The results of this study suggest that longevity of control is more related to time; all the [commercially] treated clothes used in this study lost their punch after one year, but didn’t always get laundered 70 times.
Subjects wearing permethrin-treated sneakers and socks were 73.6 times less likely to have a tick bite than participants with untreated shoes.
More tidbits from one of the base studies:
Long-lasting Permethrin Impregnated Uniforms, American Journal of Preventive Medicine, May 2014:
http://dx.doi.org/10.1016/j.amepre.2014.01.008
No statistically significant differences in number of tick bites were detected between commercial permethrin treatment (19.33%) and the do-at-home permethrin application method (24.67%).
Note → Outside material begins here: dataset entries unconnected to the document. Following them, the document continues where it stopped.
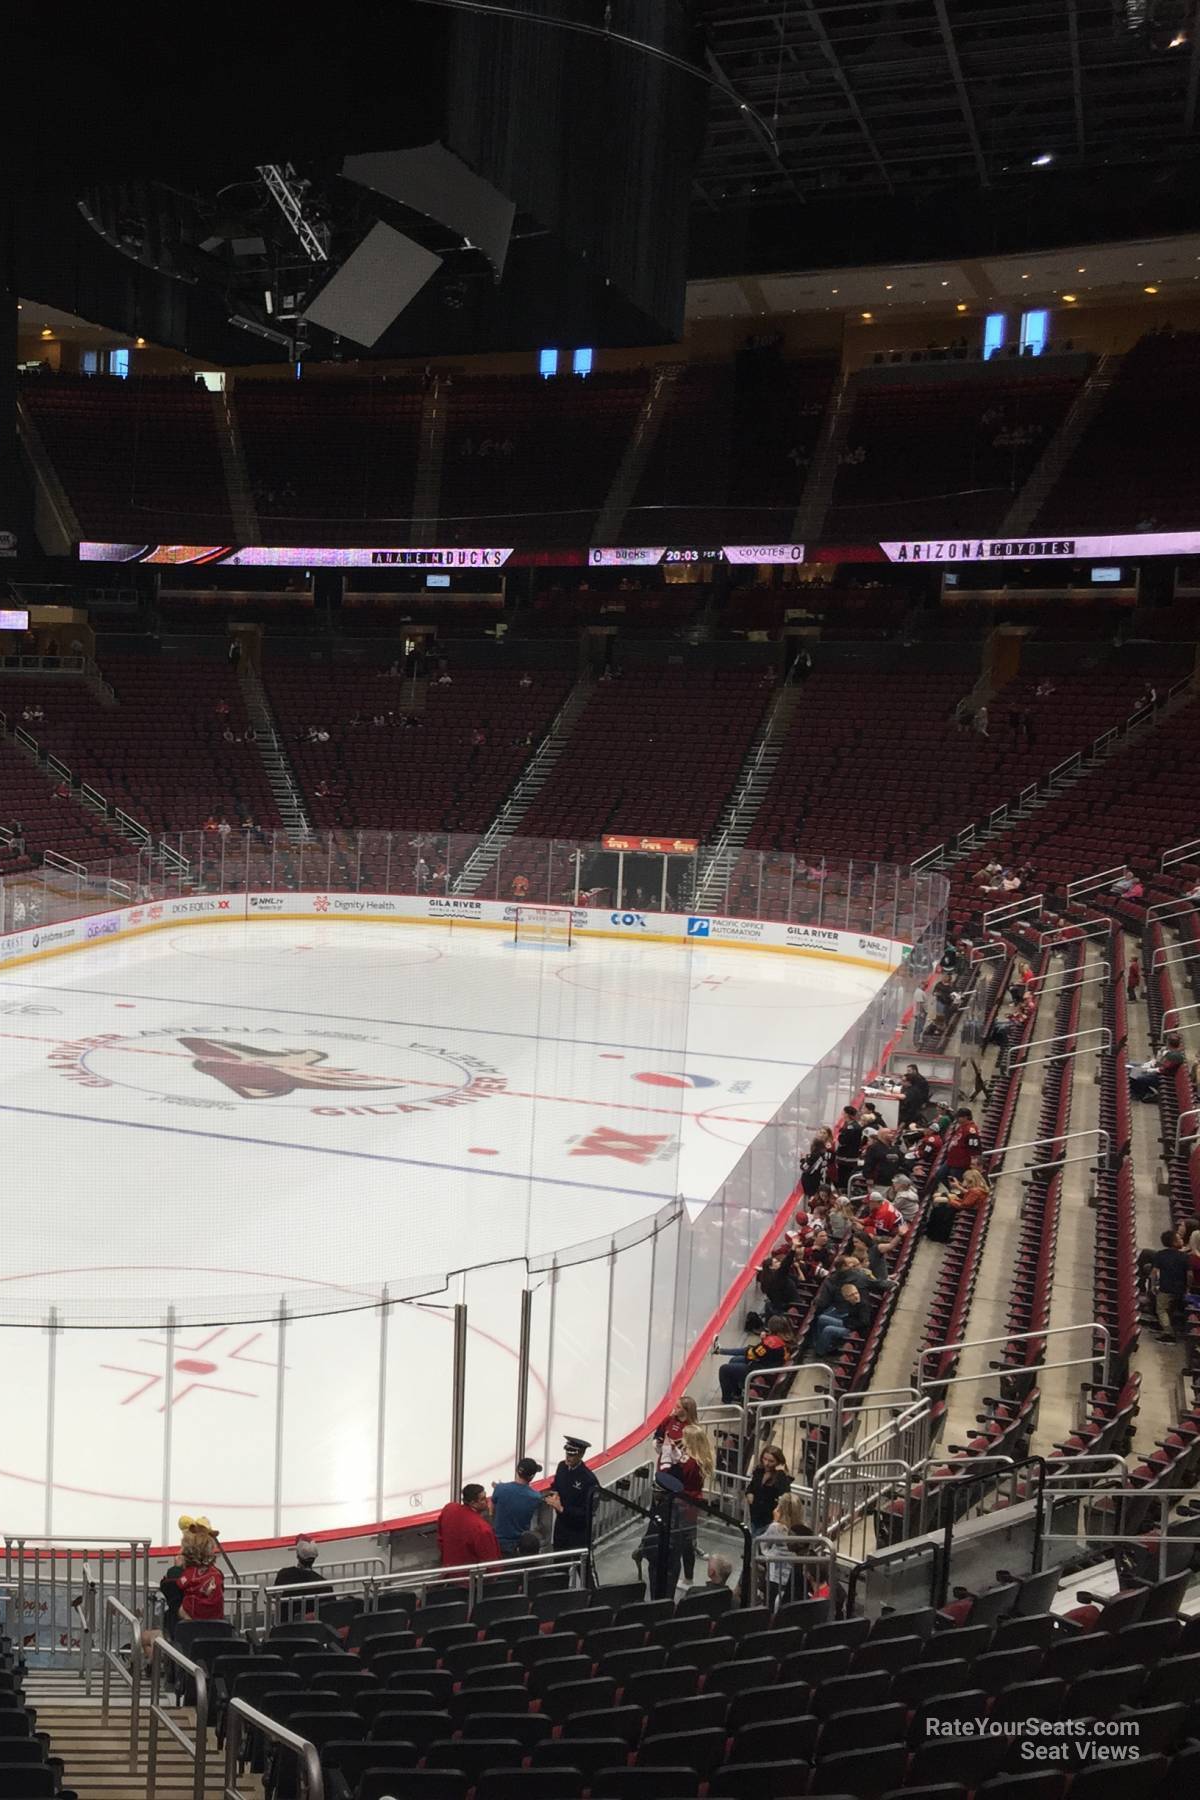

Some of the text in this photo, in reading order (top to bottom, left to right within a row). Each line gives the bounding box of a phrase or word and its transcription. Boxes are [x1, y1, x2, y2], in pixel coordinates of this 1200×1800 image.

[593, 549, 647, 562] 0 DUCKS
[666, 550, 698, 561] 20:03
[739, 546, 800, 560] COYOTES 0
[898, 540, 1070, 561] ARIZONA COYOTES
[376, 551, 501, 565] ANAHEIM DUCKS
[334, 899, 396, 911] Dignity Health
[429, 899, 482, 909] GILA RIVER
[712, 919, 764, 930] PACIFIC OFFICE
[712, 927, 761, 937] AUTOMATION
[787, 926, 839, 940] GILA RIVER
[428, 1076, 509, 1108] RIVER
[310, 1103, 434, 1117] GILA
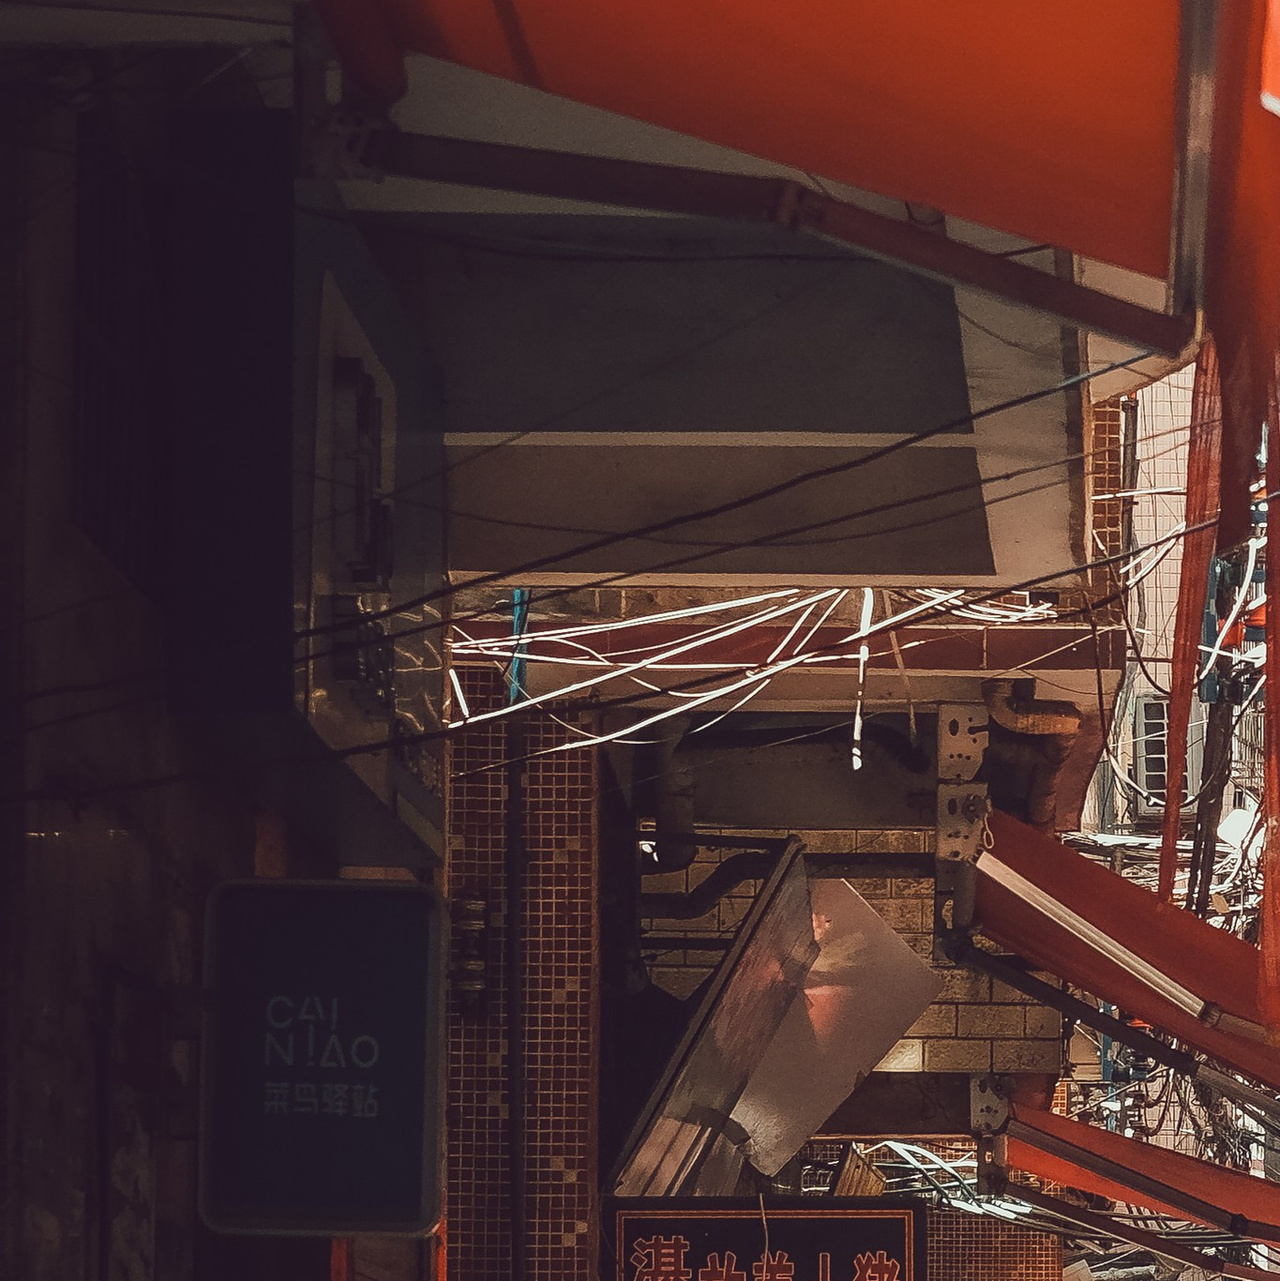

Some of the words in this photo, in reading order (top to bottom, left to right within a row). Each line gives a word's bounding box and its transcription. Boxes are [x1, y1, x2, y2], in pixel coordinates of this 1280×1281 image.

The success of permethrin-treated clothing in reducing tick bites varied depending on the specific article of clothing. Subjects wearing permethrin-treated sneakers and socks were 73.6 times less likely to have a tick bite than subjects wearing untreated footware. Subjects wearing permethrin-treated shorts and T-shirts were 4.74 and 2.17 times, respectively, less likely to receive a tick bite in areas related to those specific garments than subjects wearing untreated shorts and T-shirts.